* _Extracted information_
◆ ◆ ◆ ◆ ◆
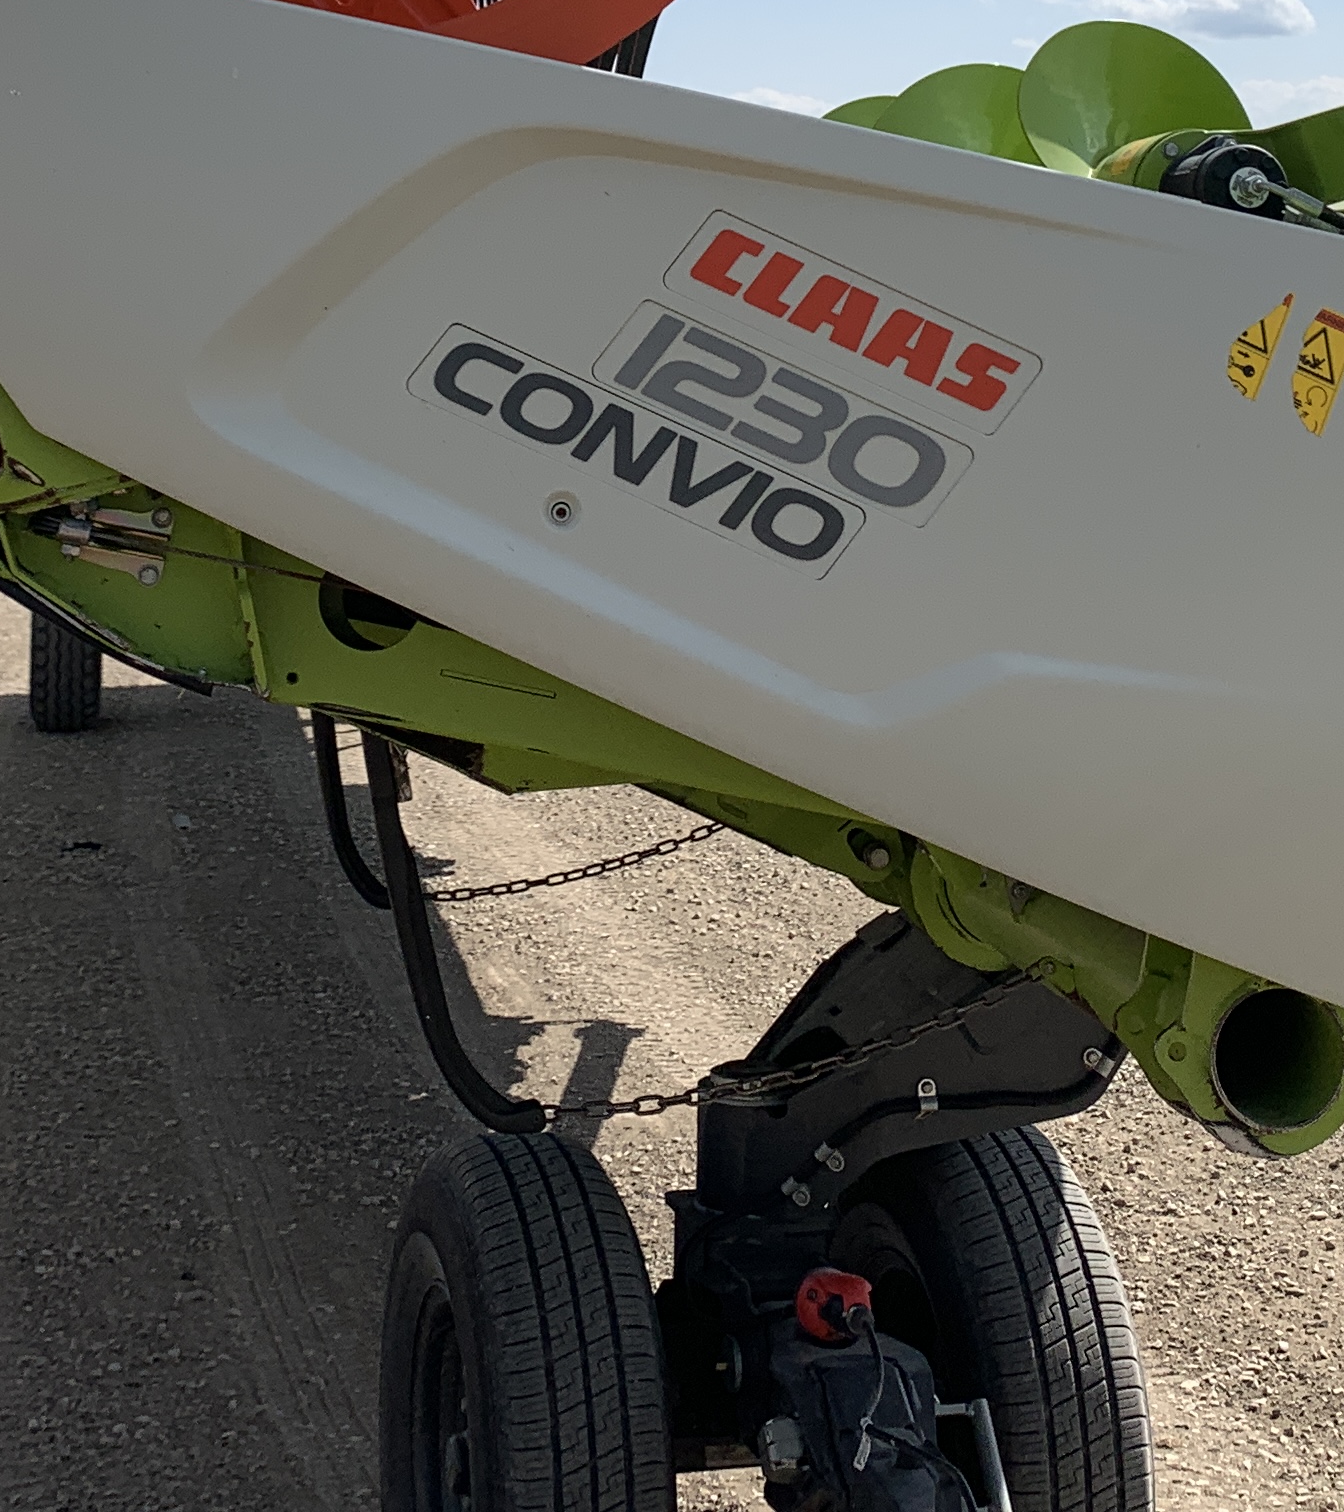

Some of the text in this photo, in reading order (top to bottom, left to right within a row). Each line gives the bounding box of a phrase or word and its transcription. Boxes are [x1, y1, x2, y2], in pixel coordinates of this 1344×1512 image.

[613, 313, 947, 507] 1230
[690, 229, 1021, 412] CLAAS
[433, 342, 845, 561] CONVIO
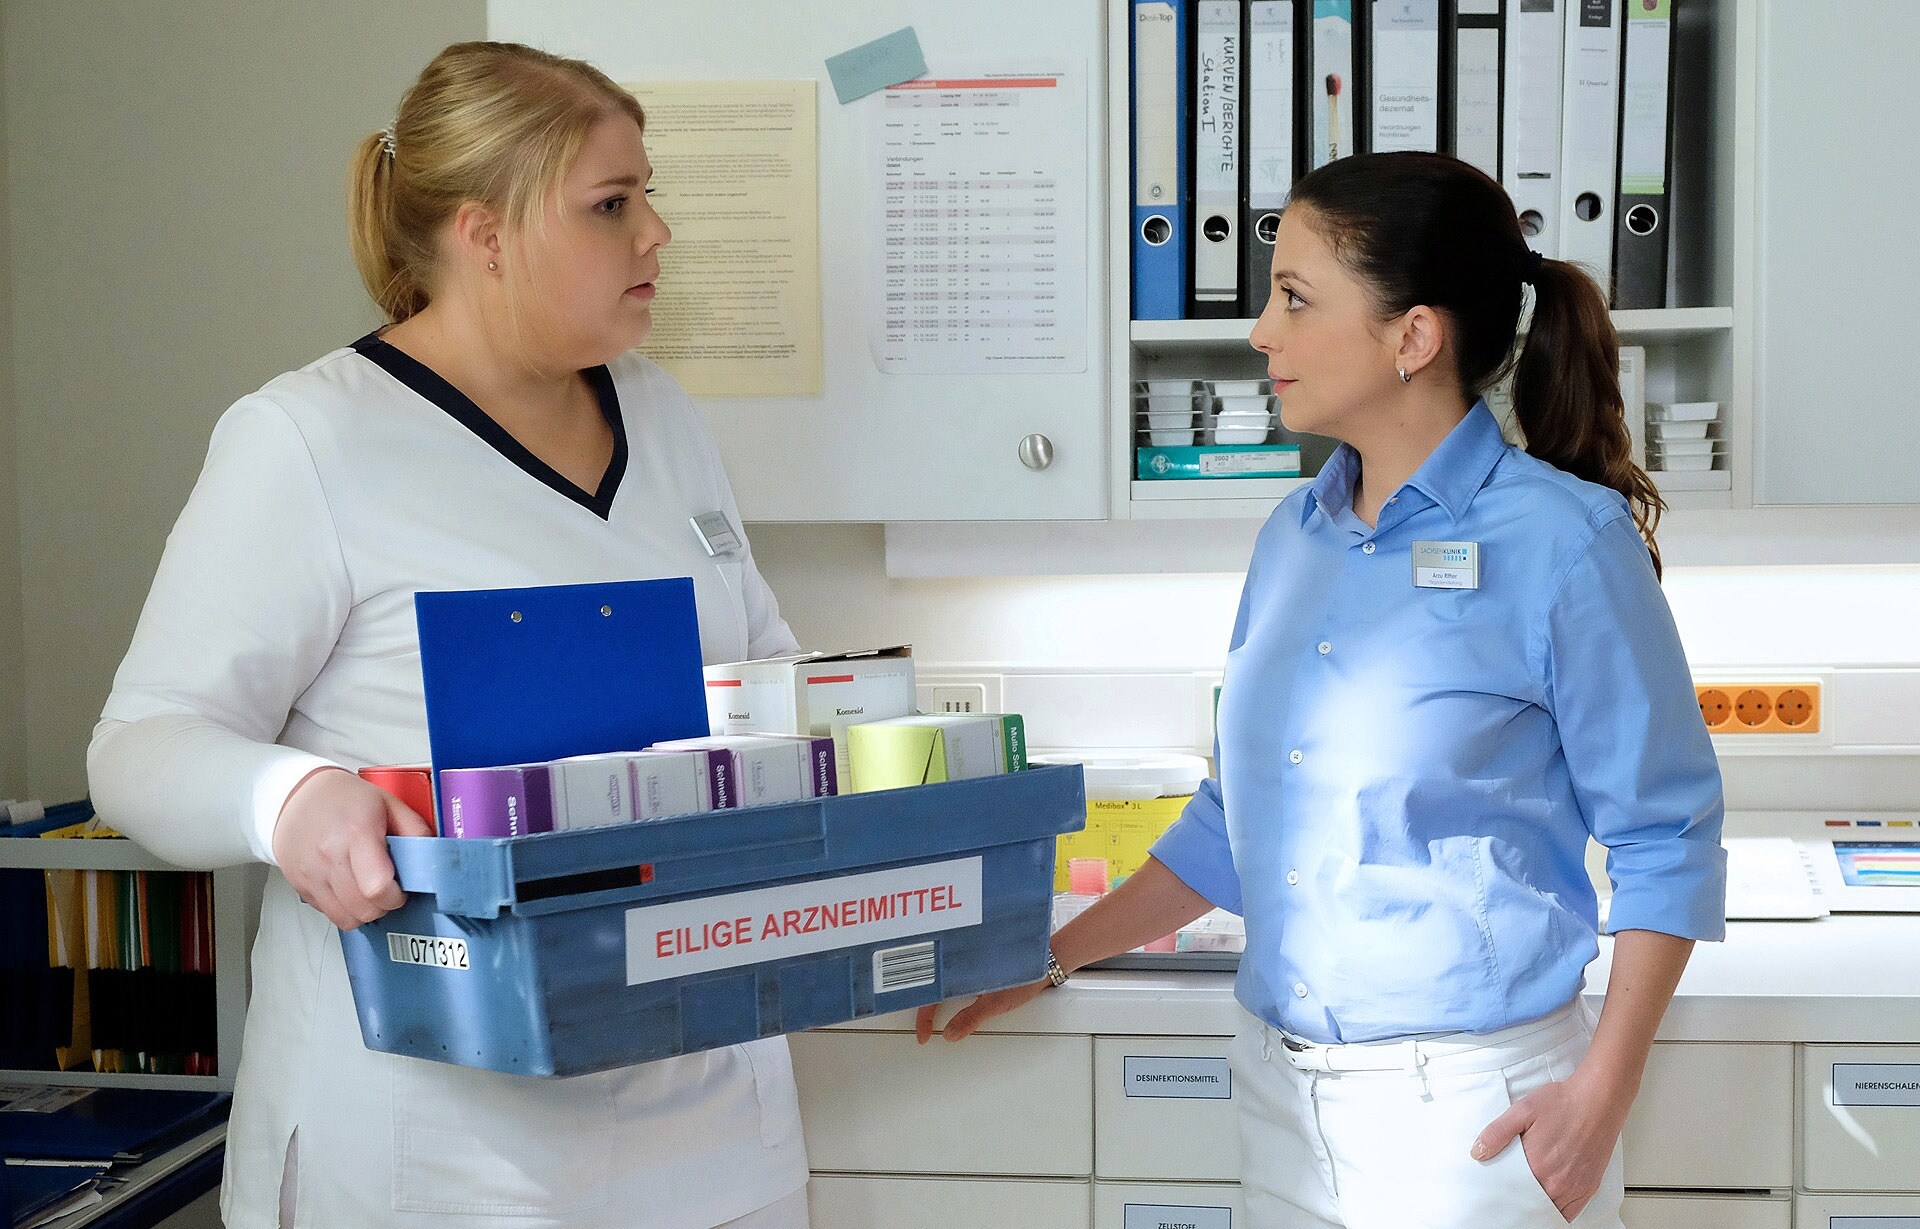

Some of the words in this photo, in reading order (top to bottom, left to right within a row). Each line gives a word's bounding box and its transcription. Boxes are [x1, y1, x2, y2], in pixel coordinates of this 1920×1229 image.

[1202, 52, 1216, 115] Station
[886, 155, 924, 163] Verbindungen
[728, 712, 750, 720] Komesid
[836, 706, 864, 716] Komesid
[1010, 726, 1019, 753] Mullo
[656, 916, 753, 958] EILIGE
[761, 884, 962, 941] ARZNEIMITTEL
[410, 937, 467, 967] 071312
[1136, 1074, 1219, 1083] DESINFEKTIONSMITTEL
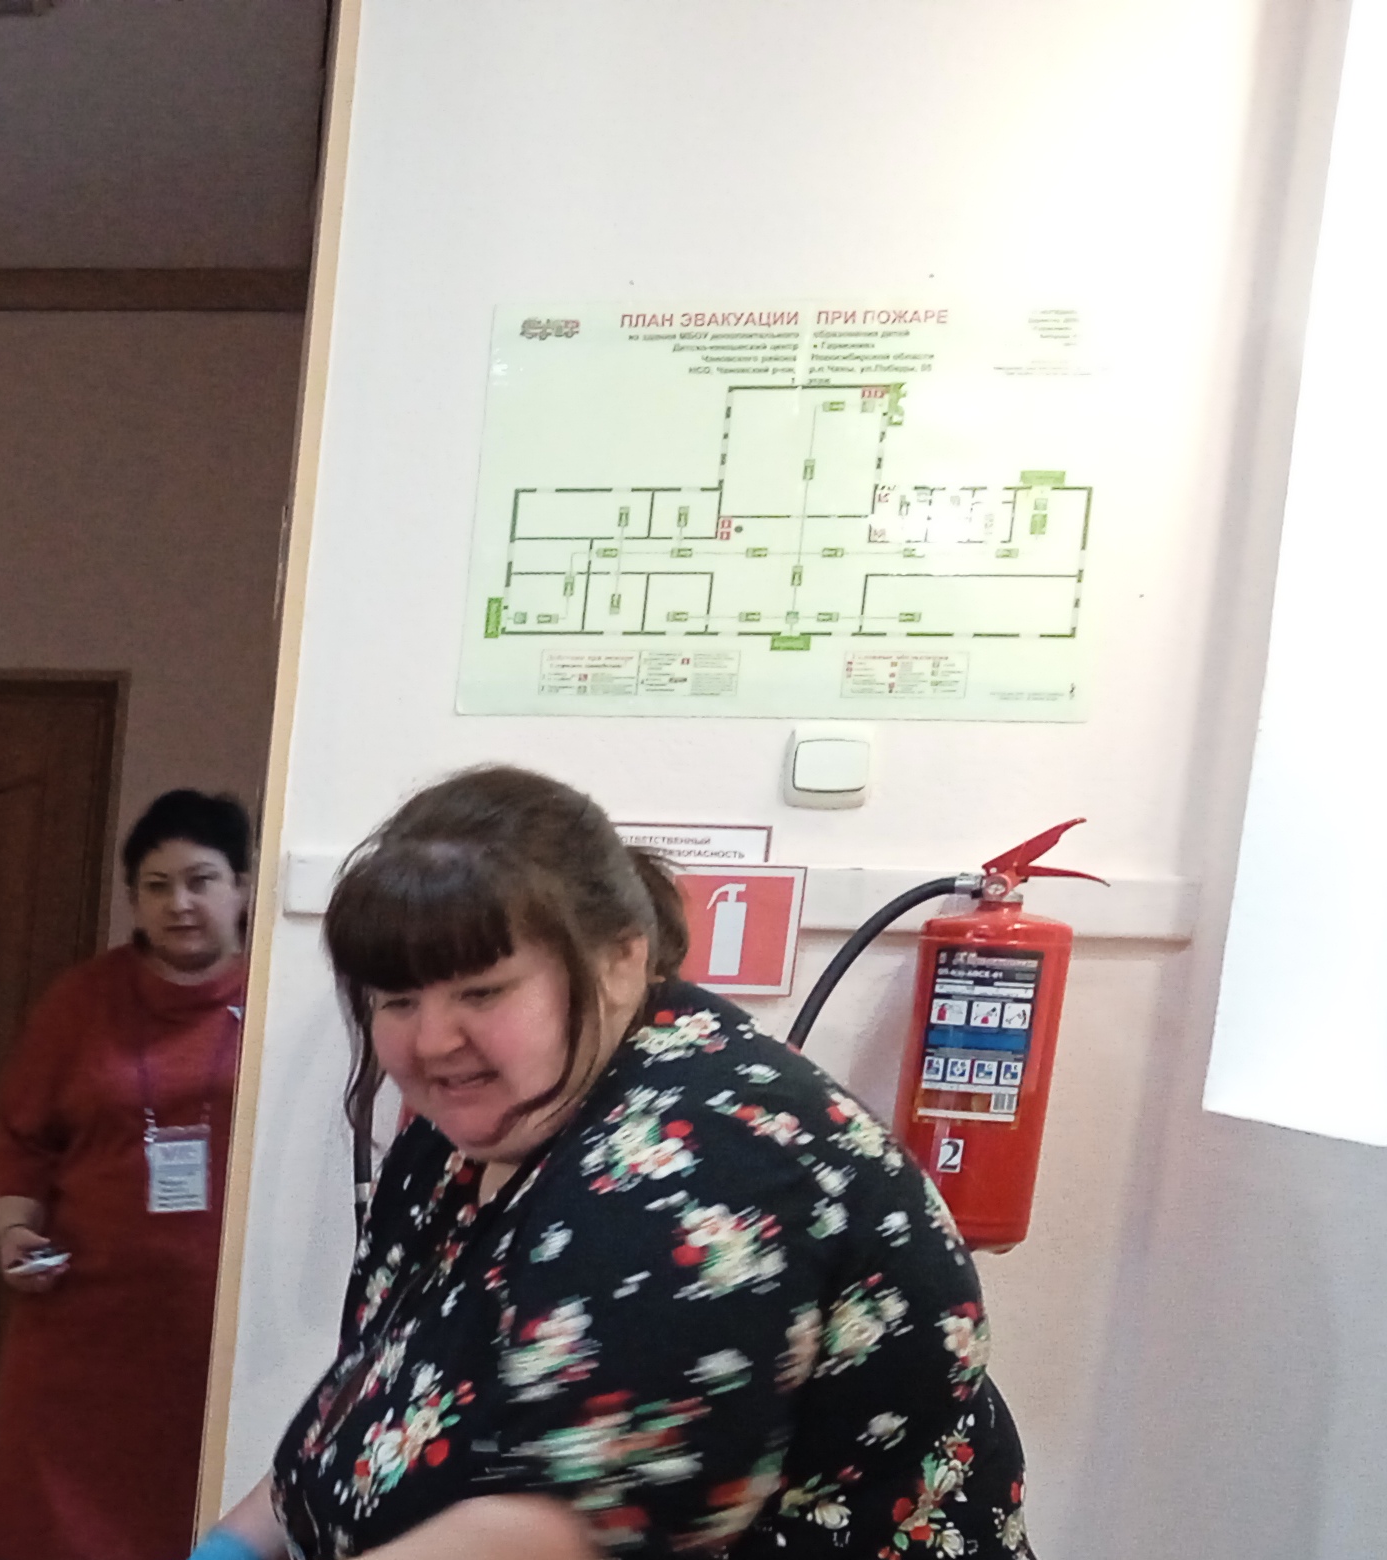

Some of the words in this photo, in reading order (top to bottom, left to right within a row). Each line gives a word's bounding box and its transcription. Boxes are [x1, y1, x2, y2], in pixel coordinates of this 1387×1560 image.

[620, 313, 674, 328] ПЛАН
[680, 311, 799, 327] ЭВАКУАЦИИ
[816, 310, 857, 325] ПРИ
[862, 309, 949, 325] ПОЖАРЕ
[621, 836, 712, 846] ОТВЕТСТВЕННЫЙ
[939, 1140, 961, 1170] 2
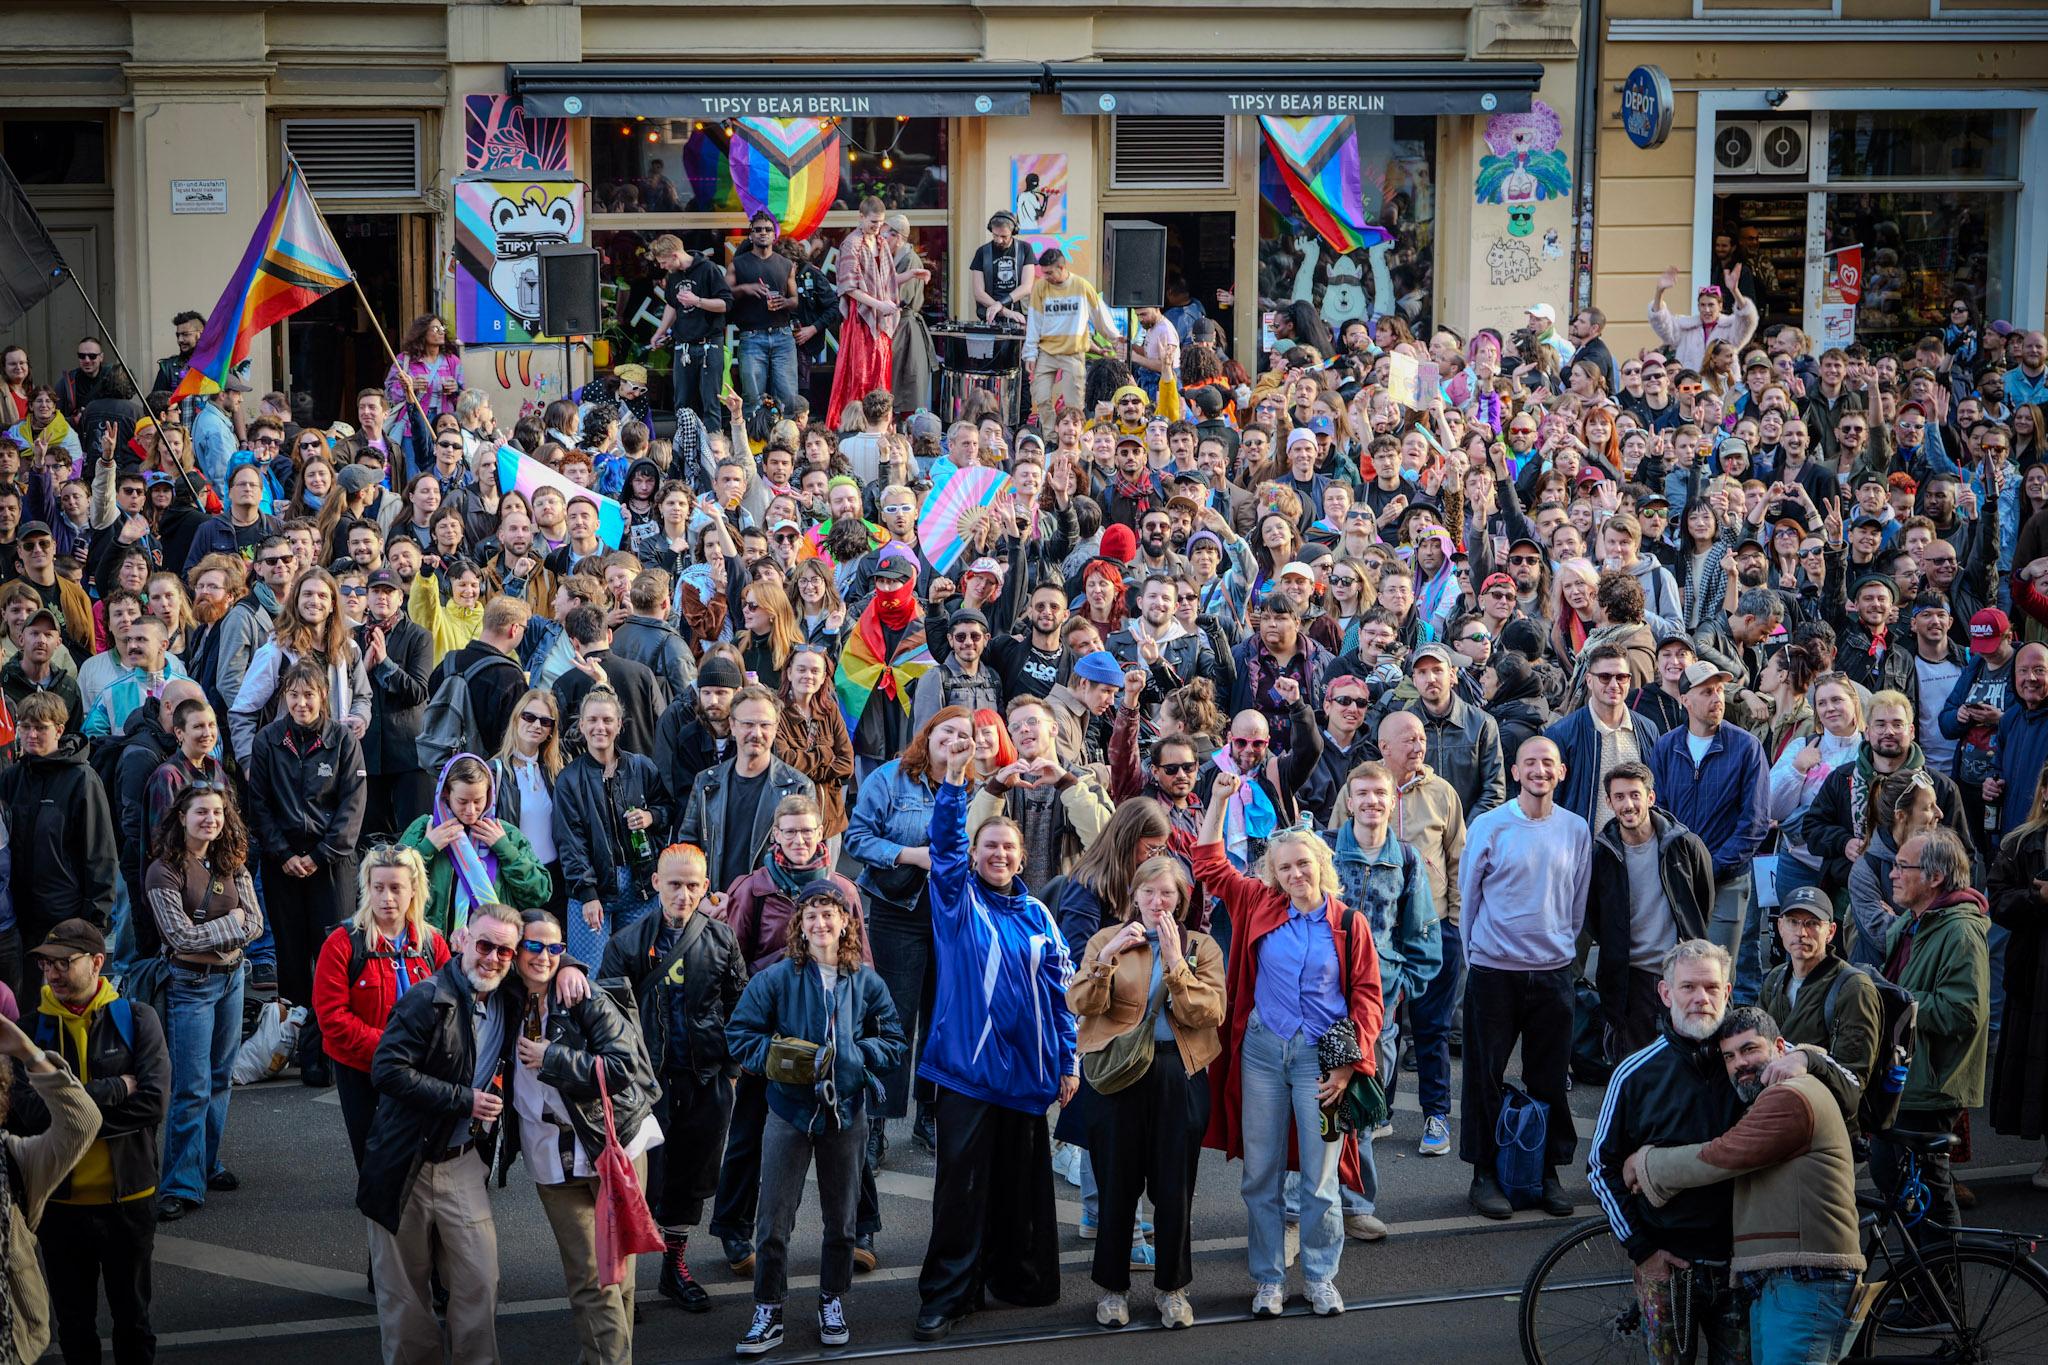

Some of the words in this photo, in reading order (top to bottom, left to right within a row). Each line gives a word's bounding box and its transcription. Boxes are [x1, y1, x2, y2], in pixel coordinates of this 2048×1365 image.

[701, 97, 751, 113] TIPSY
[808, 97, 870, 112] BERLIN
[1228, 94, 1275, 110] TIPSY
[1327, 95, 1385, 111] BERLIN
[1625, 90, 1655, 115] DEPOT
[503, 241, 533, 252] TIPSY
[1504, 258, 1523, 268] LIKE
[1504, 268, 1529, 277] DANCE
[493, 320, 542, 331] BER
◆ ◆ ◆ ◆ ◆
* _Requirement_
Only the text of the listing above is wanted, transcribed exactly, without its images.

* _Completed task_
Some of the text in this photo, in reading order (top to bottom, left to right within a row). Each line gives the bounding box of a phrase or word and its transcription. Boxes are [x1, y1, x2, y2], in pixel coordinates of this 1344×1512 image.

[613, 313, 947, 507] 1230
[690, 229, 1021, 412] CLAAS
[433, 342, 845, 561] CONVIO

Some of the words in this photo, in reading order (top to bottom, left to right within a row). Each line gives a word's bounding box and its transcription. Boxes are [x1, y1, x2, y2], in pixel coordinates of this 1920×1229 image.

[1202, 52, 1216, 115] Station
[886, 155, 924, 163] Verbindungen
[728, 712, 750, 720] Komesid
[836, 706, 864, 716] Komesid
[1010, 726, 1019, 753] Mullo
[656, 916, 753, 958] EILIGE
[761, 884, 962, 941] ARZNEIMITTEL
[410, 937, 467, 967] 071312
[1136, 1074, 1219, 1083] DESINFEKTIONSMITTEL

Some of the words in this photo, in reading order (top to bottom, left to right within a row). Each line gives a word's bounding box and its transcription. Boxes are [x1, y1, x2, y2], in pixel coordinates of this 1387×1560 image.

[620, 313, 674, 328] ПЛАН
[680, 311, 799, 327] ЭВАКУАЦИИ
[816, 310, 857, 325] ПРИ
[862, 309, 949, 325] ПОЖАРЕ
[621, 836, 712, 846] ОТВЕТСТВЕННЫЙ
[939, 1140, 961, 1170] 2

Some of the words in this photo, in reading order (top to bottom, left to right within a row). Each line gives a word's bounding box and its transcription. Boxes are [x1, y1, x2, y2], in pixel coordinates of this 2048×1365 image.

[701, 97, 751, 113] TIPSY
[808, 97, 870, 112] BERLIN
[1228, 94, 1275, 110] TIPSY
[1327, 95, 1385, 111] BERLIN
[1625, 90, 1655, 115] DEPOT
[503, 241, 533, 252] TIPSY
[1504, 258, 1523, 268] LIKE
[1504, 268, 1529, 277] DANCE
[493, 320, 542, 331] BER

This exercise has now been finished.